O canteiro de obras é, historicamente, um dos ambientes onde a água é mais desperdiçada dentro da cadeia da construção civil. Boa parte desse consumo é evitável — e cada vez mais construtoras e órgãos ambientais tratam o reuso de água não como opção ecológica, mas como item de redução de custo operacional da obra.

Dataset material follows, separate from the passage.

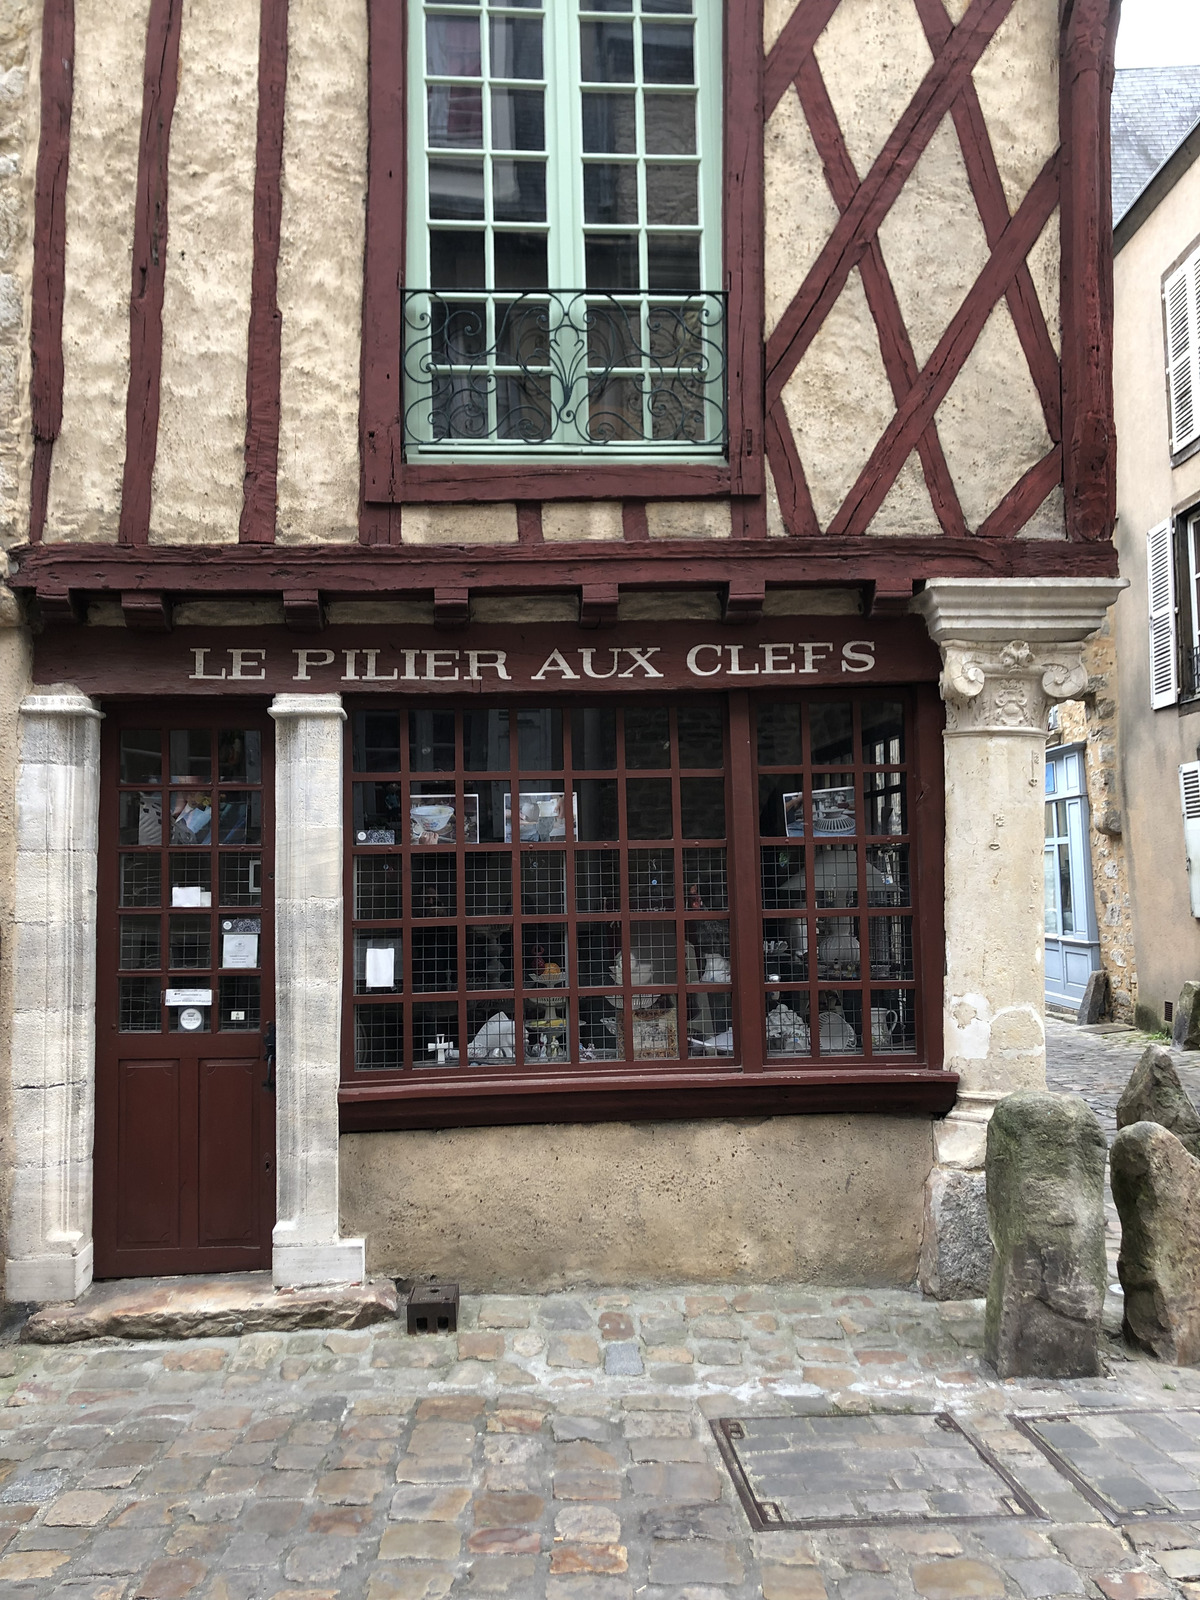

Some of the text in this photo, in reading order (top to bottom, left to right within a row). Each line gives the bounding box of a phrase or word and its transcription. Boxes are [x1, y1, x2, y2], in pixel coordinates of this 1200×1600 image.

[189, 641, 876, 681] LE PILIER AUX CLEFS
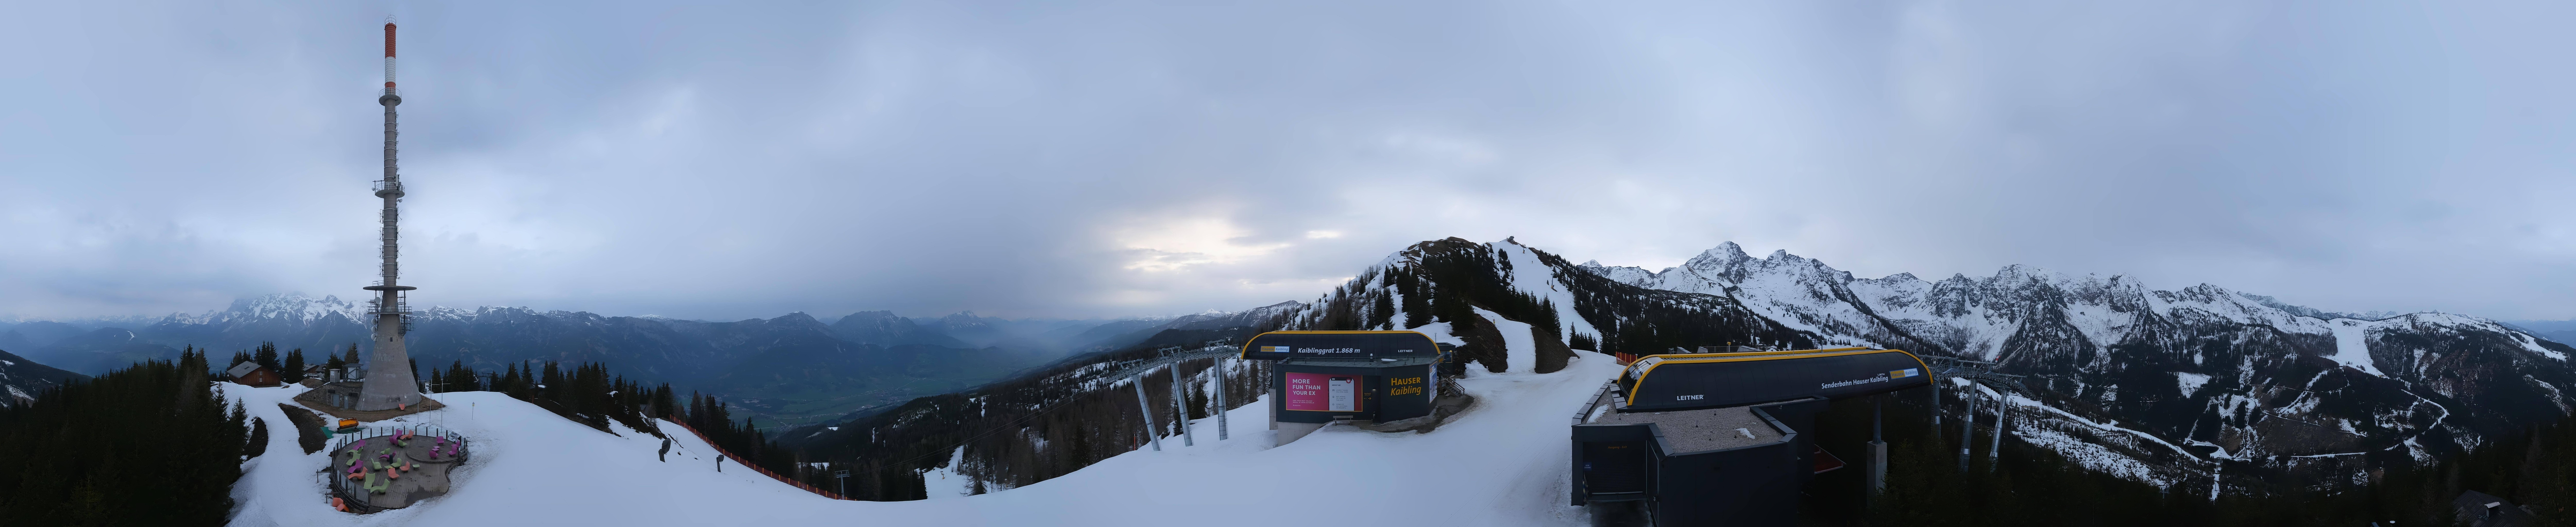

Por que o reuso importa no canteiro

Três frentes concentram o maior consumo de água em uma obra: a cura do concreto, processo que exige molhagem constante das estruturas recém-concretadas por dias seguidos para garantir a resistência de projeto; a lavagem de equipamentos, sobretudo betoneiras e ferramentas usadas na aplicação de argamassa e concreto; e a supressão de poeira, prática exigida em muitos municípios para conter a dispersão de material particulado gerado por movimentação de terra e demolição. Nenhuma dessas atividades exige água potável — o que abre espaço para substituir parte considerável do consumo por água de reuso, sem perda de qualidade técnica.

Os sistemas mais usados

O mais simples e mais adotado é a captação de água de chuva, feita a partir das coberturas provisórias e das lonas de proteção da obra, armazenada em cisternas ou tanques e usada diretamente na cura do concreto e na supressão de poeira. Um sistema mais elaborado é a ETE compacta — estação de tratamento de esgoto de pequeno porte instalada no próprio canteiro — que trata a água cinza gerada pelos banheiros e vestiários dos trabalhadores e devolve um efluente adequado a usos não potáveis, como lavagem de piso e irrigação. O terceiro, de implantação mais barata, é o reaproveitamento da água de lavagem de betoneiras: com um tanque de decantação simples, a água usada para limpar a cuba é separada dos resíduos de cimento e reincorporada ao processo, em vez de voltar suja para a rede pluvial.

Quanto se economiza

A economia varia conforme o porte da obra e o sistema adotado, mas canteiros que combinam captação de chuva com reaproveitamento de água de lavagem costumam reduzir entre 30% e 50% do consumo de água potável fornecida pela concessionária durante a execução. Em obras de maior porte, essa redução se traduz em economia direta na conta de água e, indiretamente, em menor volume de efluente a tratar ou descartar, reduzindo também gastos com caminhões-pipa em regiões de abastecimento instável.

O que diz a legislação

Nem todo sistema de reuso exige autorização prévia, mas a captação de água em corpos hídricos superficiais — rios, córregos ou poços — para uso na obra está sujeita à outorga de uso de recursos hídricos, emitida pelo órgão gestor estadual ou pela Agência Nacional de Águas quando o manancial é de domínio da União. Já a captação de chuva em telhados e lonas e o reuso de água cinza tratada internamente, por não envolver captação em corpo hídrico, normalmente dispensam outorga, mas podem exigir licenciamento ambiental da obra e atendimento a parâmetros de qualidade caso o efluente tratado seja lançado de volta na rede pública.

Planejar desde o início

O erro mais comum é tratar o reuso como adaptação de última hora, incluída depois que o canteiro já está montado e a logística de água já foi definida em torno do abastecimento convencional. O sistema — captação, reservação e distribuição interna — precisa ser dimensionado junto com o próprio layout do canteiro, ainda na fase de planejamento da obra. Isso evita retrabalho de tubulação, aproveita melhor a topografia do terreno para captação por gravidade e garante capacidade de armazenamento compatível com o consumo real das frentes de serviço, em vez de um sistema subdimensionado que precisa ser complementado por água potável de qualquer forma.